#### ABOUT THIS EXERCISE:
Each word in the data below should be copied exactly; the images should not.
^^^^^^^^^^^^^^^^
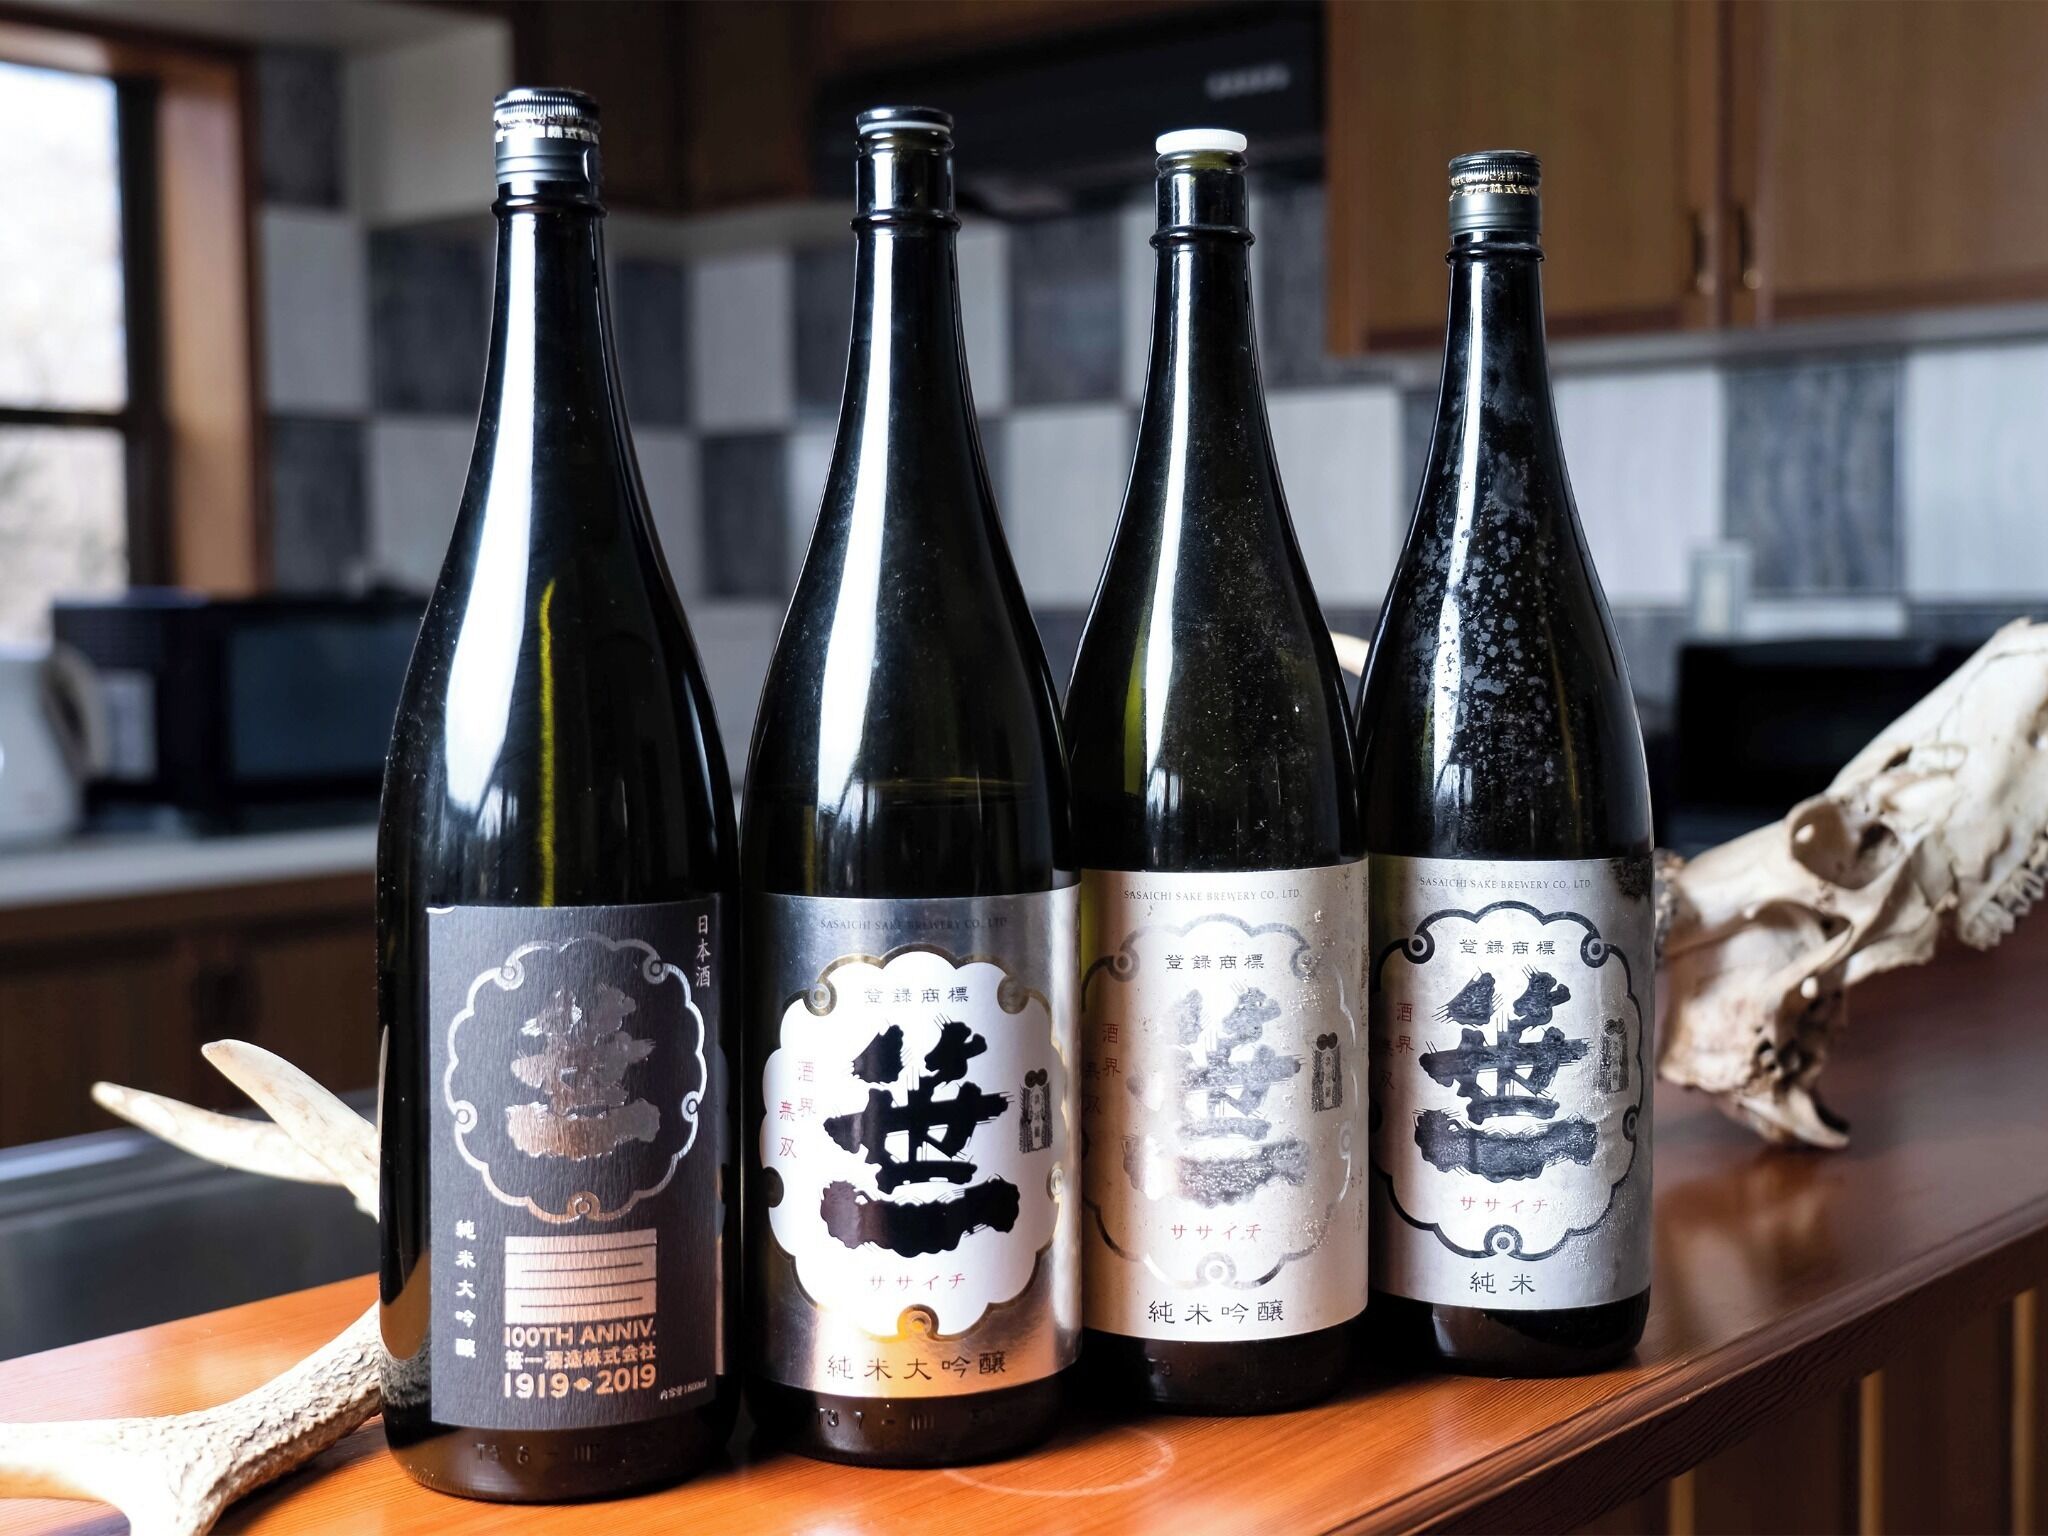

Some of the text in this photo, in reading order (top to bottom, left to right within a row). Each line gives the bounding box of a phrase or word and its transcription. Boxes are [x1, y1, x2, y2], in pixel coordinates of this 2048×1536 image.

[1420, 877, 1467, 888] SASAICHI
[1470, 880, 1497, 889] SAKE
[1500, 880, 1550, 889] BREWERY
[1124, 890, 1171, 901] SASAICHI
[1176, 891, 1202, 901] SAKE
[1206, 891, 1256, 901] BREWERY
[820, 918, 871, 930] SASAICHI
[696, 914, 711, 987] 日本酒
[1459, 939, 1556, 955] 登録商標
[1165, 953, 1265, 970] 登録商標
[864, 986, 969, 1004] 登録商標
[1460, 1196, 1548, 1214] ササイチ
[1171, 1224, 1262, 1241] ササイチ
[455, 1219, 476, 1358] 純米大吟醸
[870, 1273, 966, 1291] ササイチ
[1469, 1271, 1536, 1295] 純米
[1148, 1299, 1284, 1325] 純米吟醸
[504, 1318, 657, 1348] 100TH ANNIV.
[827, 1350, 1006, 1381] 純米大吟醸
^^^^^^^^^^^^^^^^
#### ANSWER FOR THE TASK:
Some of the text in this photo, in reading order (top to bottom, left to right within a row). Each line gives the bounding box of a phrase or word and its transcription. Boxes are [x1, y1, x2, y2], in pixel coordinates of this 2048×1536 image.

[1420, 877, 1467, 888] SASAICHI
[1470, 880, 1497, 889] SAKE
[1500, 880, 1550, 889] BREWERY
[1124, 890, 1171, 901] SASAICHI
[1176, 891, 1202, 901] SAKE
[1206, 891, 1256, 901] BREWERY
[820, 918, 871, 930] SASAICHI
[696, 914, 711, 987] 日本酒
[1459, 939, 1556, 955] 登録商標
[1165, 953, 1265, 970] 登録商標
[864, 986, 969, 1004] 登録商標
[1460, 1196, 1548, 1214] ササイチ
[1171, 1224, 1262, 1241] ササイチ
[455, 1219, 476, 1358] 純米大吟醸
[870, 1273, 966, 1291] ササイチ
[1469, 1271, 1536, 1295] 純米
[1148, 1299, 1284, 1325] 純米吟醸
[504, 1318, 657, 1348] 100TH ANNIV.
[827, 1350, 1006, 1381] 純米大吟醸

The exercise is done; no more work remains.